(Extracted data entries)
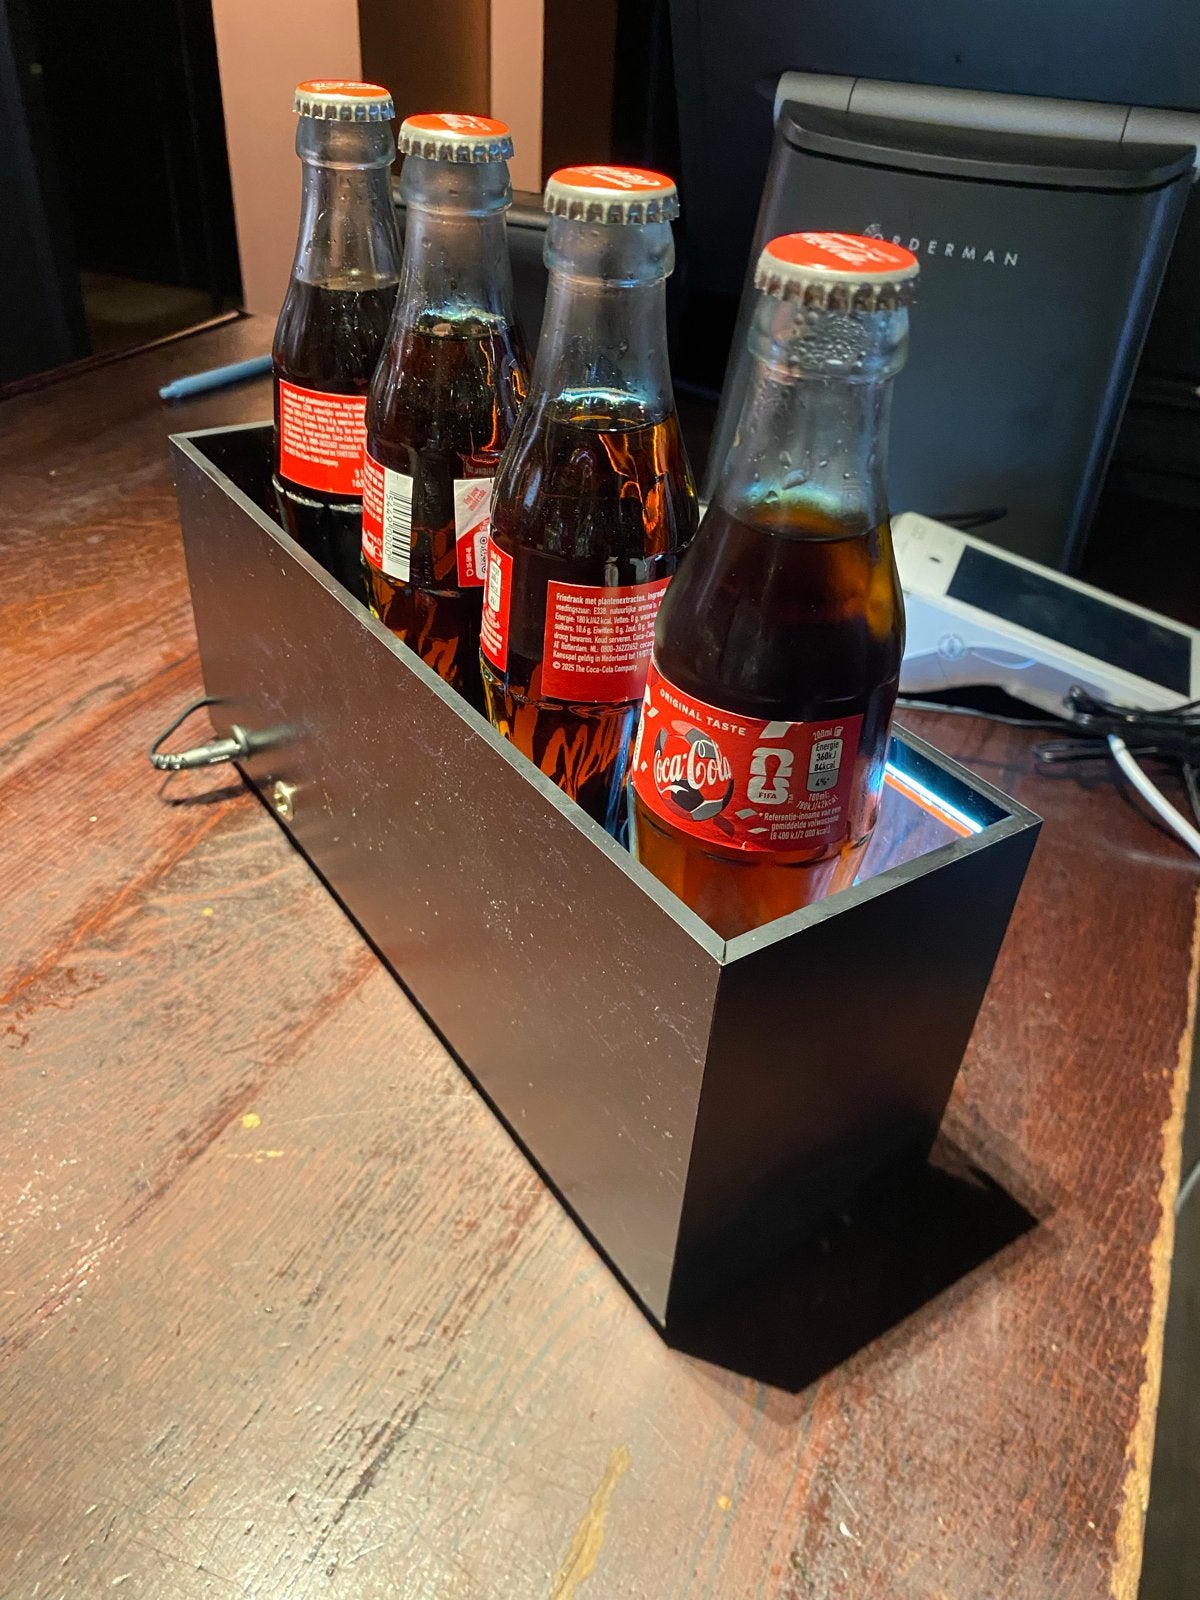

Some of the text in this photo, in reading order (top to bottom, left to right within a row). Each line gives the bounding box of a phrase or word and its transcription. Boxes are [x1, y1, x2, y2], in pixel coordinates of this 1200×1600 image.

[576, 664, 585, 672] The
[586, 665, 614, 673] Coca-Cola
[660, 688, 747, 737] ORIGINAL TASTE
[816, 740, 839, 752] Energie
[654, 739, 732, 794] Coca-Cola
[759, 791, 777, 800] FIFA
[771, 820, 807, 831] gemiddelde

Problem to solve:
Set down every record exactly, without the pictures.

Answer:
Some of the text in this photo, in reading order (top to bottom, left to right within a row). Each line gives the bounding box of a phrase or word and its transcription. Boxes are [x1, y1, x2, y2], in pixel coordinates of this 1200×1600 image.

[576, 664, 585, 672] The
[586, 665, 614, 673] Coca-Cola
[660, 688, 747, 737] ORIGINAL TASTE
[816, 740, 839, 752] Energie
[654, 739, 732, 794] Coca-Cola
[759, 791, 777, 800] FIFA
[771, 820, 807, 831] gemiddelde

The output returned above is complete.